### TASK DETAILS
The expected response consists solely of the lines from the line with "this 1500×1000 image." through the last line of the material below, copied exactly.

### MATERIAL FOR THIS TASK
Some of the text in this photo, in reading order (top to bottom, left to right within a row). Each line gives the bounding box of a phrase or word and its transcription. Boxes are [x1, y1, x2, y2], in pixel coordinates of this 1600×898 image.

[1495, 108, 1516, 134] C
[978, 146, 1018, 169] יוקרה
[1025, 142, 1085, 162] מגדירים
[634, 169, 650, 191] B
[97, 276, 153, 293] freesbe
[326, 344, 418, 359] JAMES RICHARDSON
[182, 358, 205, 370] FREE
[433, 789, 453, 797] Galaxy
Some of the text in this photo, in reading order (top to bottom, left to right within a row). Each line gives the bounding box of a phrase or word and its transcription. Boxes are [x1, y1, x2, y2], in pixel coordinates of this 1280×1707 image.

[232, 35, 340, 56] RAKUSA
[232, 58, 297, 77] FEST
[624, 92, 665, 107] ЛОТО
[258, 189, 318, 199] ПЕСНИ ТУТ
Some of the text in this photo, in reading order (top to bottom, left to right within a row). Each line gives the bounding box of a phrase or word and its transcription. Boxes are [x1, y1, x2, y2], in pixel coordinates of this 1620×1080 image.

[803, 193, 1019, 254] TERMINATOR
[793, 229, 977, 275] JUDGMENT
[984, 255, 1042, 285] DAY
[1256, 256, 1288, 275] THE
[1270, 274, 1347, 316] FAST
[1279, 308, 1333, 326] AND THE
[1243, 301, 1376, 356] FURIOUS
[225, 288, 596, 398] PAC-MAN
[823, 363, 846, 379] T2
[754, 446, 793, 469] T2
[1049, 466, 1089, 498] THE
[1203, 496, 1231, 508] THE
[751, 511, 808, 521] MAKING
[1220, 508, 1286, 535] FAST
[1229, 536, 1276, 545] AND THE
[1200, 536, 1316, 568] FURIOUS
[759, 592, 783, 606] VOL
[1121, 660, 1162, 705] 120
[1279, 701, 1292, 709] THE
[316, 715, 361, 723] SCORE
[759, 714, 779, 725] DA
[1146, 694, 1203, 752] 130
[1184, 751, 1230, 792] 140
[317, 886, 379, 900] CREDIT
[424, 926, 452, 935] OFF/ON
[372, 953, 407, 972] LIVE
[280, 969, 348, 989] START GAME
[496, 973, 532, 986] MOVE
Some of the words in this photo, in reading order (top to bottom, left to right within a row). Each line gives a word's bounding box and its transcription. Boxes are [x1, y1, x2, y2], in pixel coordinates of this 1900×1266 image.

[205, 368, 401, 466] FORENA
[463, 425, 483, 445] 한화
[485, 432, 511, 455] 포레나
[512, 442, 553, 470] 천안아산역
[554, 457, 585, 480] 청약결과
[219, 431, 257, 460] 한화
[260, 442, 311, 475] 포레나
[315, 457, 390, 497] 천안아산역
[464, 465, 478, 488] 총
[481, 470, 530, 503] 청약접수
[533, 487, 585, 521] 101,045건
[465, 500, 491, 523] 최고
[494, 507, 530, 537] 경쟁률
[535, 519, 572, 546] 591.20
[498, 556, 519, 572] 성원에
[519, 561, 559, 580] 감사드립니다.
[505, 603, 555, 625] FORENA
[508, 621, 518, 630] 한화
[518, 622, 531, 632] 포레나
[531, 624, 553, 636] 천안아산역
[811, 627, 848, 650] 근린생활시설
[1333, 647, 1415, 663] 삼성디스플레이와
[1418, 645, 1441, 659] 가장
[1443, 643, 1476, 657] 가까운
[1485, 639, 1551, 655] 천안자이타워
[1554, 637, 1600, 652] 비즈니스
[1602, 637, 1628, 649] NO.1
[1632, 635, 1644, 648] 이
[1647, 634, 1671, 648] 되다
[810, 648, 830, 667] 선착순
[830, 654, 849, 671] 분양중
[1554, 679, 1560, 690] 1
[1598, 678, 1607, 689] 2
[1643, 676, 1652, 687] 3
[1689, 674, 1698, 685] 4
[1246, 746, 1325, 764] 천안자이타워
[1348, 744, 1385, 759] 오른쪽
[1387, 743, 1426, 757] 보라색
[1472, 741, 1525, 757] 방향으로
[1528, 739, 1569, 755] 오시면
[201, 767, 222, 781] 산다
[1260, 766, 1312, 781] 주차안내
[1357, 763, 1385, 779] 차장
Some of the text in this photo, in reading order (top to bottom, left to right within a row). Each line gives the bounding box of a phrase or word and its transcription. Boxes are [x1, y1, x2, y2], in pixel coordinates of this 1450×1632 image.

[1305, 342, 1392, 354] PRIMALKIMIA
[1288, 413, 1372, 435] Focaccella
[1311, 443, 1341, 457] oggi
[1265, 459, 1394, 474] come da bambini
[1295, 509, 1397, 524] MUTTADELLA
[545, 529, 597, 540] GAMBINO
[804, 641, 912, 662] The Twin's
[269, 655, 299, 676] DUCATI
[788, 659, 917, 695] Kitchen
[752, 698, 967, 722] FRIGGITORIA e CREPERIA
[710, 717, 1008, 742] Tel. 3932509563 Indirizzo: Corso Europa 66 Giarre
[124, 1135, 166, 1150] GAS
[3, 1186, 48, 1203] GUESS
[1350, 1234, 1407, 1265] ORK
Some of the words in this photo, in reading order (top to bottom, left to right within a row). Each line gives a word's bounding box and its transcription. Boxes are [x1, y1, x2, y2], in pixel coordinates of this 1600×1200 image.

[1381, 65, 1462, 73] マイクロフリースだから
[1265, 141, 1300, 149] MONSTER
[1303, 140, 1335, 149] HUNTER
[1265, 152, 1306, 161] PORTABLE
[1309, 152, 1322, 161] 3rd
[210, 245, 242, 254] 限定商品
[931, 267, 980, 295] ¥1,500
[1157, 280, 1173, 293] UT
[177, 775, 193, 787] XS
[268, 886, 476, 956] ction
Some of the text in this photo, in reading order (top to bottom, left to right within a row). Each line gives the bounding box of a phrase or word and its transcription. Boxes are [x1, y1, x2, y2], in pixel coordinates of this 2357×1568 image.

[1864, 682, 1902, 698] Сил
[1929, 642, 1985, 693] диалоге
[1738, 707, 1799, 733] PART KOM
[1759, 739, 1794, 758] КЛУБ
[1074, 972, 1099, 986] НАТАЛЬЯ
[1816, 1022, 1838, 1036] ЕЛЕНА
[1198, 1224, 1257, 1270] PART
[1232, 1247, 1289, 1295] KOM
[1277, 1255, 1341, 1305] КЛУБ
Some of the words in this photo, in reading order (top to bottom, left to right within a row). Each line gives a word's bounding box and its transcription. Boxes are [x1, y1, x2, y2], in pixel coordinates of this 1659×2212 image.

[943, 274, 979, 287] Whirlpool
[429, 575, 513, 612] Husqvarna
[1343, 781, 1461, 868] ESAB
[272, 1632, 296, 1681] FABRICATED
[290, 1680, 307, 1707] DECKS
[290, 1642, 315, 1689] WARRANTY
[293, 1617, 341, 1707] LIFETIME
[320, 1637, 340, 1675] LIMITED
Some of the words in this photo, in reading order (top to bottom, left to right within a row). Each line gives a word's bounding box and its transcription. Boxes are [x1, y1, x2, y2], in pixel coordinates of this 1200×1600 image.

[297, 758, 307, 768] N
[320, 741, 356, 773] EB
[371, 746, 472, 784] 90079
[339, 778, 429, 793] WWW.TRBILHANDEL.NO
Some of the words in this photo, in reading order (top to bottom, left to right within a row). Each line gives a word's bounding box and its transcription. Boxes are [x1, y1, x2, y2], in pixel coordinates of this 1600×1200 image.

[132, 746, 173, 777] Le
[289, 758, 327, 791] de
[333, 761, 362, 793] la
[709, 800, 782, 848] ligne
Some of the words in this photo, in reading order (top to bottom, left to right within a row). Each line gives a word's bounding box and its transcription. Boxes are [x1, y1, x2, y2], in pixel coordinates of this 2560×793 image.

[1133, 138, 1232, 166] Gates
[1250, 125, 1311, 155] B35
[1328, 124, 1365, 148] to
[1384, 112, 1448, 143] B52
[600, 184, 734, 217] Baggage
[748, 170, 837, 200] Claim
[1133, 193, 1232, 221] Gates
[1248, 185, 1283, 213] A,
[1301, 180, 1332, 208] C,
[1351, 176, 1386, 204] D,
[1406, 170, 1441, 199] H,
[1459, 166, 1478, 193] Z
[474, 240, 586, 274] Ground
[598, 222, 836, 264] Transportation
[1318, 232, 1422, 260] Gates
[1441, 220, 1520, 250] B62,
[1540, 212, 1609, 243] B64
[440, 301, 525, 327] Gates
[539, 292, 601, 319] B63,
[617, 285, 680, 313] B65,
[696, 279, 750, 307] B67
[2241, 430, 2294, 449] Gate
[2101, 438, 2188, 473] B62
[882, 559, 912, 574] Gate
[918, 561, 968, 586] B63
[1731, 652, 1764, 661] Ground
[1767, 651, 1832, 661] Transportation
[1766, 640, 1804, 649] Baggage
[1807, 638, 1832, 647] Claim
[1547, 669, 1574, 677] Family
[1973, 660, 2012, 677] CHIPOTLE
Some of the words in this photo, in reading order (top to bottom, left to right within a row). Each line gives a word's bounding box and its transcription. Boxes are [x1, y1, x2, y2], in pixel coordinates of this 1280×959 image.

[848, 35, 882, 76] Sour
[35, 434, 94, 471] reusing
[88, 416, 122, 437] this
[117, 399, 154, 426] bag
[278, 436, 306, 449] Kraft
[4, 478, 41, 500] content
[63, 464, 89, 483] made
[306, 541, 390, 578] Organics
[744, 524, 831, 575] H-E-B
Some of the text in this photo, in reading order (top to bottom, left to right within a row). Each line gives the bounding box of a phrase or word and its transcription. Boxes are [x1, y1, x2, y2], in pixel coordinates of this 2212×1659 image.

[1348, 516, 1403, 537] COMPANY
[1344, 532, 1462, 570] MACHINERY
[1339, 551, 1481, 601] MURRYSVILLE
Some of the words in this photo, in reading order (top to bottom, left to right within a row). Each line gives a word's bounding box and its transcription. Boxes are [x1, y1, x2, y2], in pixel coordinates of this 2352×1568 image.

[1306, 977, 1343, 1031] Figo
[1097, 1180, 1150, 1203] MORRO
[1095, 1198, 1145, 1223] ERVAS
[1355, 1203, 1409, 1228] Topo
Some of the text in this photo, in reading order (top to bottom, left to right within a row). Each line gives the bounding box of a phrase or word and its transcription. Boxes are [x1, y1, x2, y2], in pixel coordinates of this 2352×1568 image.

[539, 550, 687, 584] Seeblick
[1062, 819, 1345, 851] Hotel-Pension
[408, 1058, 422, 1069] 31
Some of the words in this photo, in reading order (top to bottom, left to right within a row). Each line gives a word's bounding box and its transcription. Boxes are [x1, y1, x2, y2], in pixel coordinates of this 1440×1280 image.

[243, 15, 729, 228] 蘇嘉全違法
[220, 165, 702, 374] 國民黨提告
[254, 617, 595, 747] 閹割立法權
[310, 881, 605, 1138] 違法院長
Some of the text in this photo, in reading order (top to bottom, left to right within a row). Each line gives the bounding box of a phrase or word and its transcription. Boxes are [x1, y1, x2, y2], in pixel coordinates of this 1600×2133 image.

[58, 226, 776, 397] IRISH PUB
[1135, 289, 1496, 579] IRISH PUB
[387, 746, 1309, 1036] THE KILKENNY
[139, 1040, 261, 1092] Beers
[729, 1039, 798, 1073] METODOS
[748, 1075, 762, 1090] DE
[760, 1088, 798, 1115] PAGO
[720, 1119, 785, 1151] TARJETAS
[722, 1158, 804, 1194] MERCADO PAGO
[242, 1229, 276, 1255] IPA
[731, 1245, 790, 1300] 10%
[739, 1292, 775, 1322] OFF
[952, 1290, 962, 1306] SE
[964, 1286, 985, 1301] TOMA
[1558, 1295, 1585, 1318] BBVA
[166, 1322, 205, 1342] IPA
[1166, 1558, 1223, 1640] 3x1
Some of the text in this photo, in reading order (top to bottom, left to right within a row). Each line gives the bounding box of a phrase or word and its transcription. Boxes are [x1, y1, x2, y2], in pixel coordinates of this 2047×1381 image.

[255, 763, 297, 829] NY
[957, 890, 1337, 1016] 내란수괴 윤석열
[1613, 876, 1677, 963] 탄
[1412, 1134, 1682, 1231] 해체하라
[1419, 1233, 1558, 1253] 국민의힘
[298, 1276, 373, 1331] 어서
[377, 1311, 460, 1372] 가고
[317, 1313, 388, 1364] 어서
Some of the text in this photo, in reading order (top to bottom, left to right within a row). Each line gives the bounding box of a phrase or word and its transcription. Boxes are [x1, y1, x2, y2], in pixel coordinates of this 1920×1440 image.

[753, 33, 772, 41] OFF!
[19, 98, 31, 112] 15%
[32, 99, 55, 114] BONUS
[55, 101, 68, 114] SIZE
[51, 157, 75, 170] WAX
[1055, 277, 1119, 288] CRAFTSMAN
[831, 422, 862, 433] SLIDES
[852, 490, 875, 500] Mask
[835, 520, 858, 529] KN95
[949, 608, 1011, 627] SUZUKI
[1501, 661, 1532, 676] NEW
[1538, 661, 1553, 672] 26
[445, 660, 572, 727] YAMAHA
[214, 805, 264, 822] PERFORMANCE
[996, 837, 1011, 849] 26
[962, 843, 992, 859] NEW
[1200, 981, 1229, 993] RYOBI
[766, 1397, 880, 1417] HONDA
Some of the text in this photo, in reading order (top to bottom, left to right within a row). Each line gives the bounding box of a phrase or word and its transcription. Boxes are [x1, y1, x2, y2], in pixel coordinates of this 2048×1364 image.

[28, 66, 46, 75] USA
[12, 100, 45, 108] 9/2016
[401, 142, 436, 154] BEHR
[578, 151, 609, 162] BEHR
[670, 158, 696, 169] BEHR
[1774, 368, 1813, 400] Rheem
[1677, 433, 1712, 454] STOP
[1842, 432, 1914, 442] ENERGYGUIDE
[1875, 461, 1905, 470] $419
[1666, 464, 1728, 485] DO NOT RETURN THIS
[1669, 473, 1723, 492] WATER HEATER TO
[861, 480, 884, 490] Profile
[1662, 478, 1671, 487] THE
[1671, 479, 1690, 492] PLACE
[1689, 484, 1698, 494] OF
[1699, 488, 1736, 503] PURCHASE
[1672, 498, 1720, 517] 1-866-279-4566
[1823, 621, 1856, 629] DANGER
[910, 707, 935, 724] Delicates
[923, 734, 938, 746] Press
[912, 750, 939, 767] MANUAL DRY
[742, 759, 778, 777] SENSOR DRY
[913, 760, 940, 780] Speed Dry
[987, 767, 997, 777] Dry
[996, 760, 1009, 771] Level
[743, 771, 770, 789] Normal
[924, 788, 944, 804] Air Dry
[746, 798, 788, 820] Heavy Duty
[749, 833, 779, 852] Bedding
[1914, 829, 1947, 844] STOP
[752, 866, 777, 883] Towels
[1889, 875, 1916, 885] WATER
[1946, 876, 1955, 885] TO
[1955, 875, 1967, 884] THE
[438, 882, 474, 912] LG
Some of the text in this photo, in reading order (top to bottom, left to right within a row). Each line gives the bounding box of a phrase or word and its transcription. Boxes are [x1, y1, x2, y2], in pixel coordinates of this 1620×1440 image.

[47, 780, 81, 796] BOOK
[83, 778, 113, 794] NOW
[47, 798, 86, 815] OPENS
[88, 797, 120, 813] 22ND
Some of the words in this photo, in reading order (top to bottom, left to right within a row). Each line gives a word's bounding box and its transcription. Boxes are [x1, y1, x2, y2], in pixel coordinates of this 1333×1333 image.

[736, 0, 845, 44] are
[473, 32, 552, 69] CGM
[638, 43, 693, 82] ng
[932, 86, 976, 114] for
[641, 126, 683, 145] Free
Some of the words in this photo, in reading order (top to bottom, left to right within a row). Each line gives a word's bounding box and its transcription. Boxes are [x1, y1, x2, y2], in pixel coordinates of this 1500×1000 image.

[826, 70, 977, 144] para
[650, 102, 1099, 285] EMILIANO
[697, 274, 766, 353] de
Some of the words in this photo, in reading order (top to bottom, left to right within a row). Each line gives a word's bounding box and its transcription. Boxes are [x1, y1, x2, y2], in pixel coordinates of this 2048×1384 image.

### SOLVED EXERCISE
Some of the words in this photo, in reading order (top to bottom, left to right within a row). Each line gives a word's bounding box and its transcription. Boxes are [x1, y1, x2, y2], in pixel coordinates of this 1500×1000 image.

[826, 70, 977, 144] para
[650, 102, 1099, 285] EMILIANO
[697, 274, 766, 353] de
Some of the words in this photo, in reading order (top to bottom, left to right within a row). Each line gives a word's bounding box and its transcription. Boxes are [x1, y1, x2, y2], in pixel coordinates of this 2048×1384 image.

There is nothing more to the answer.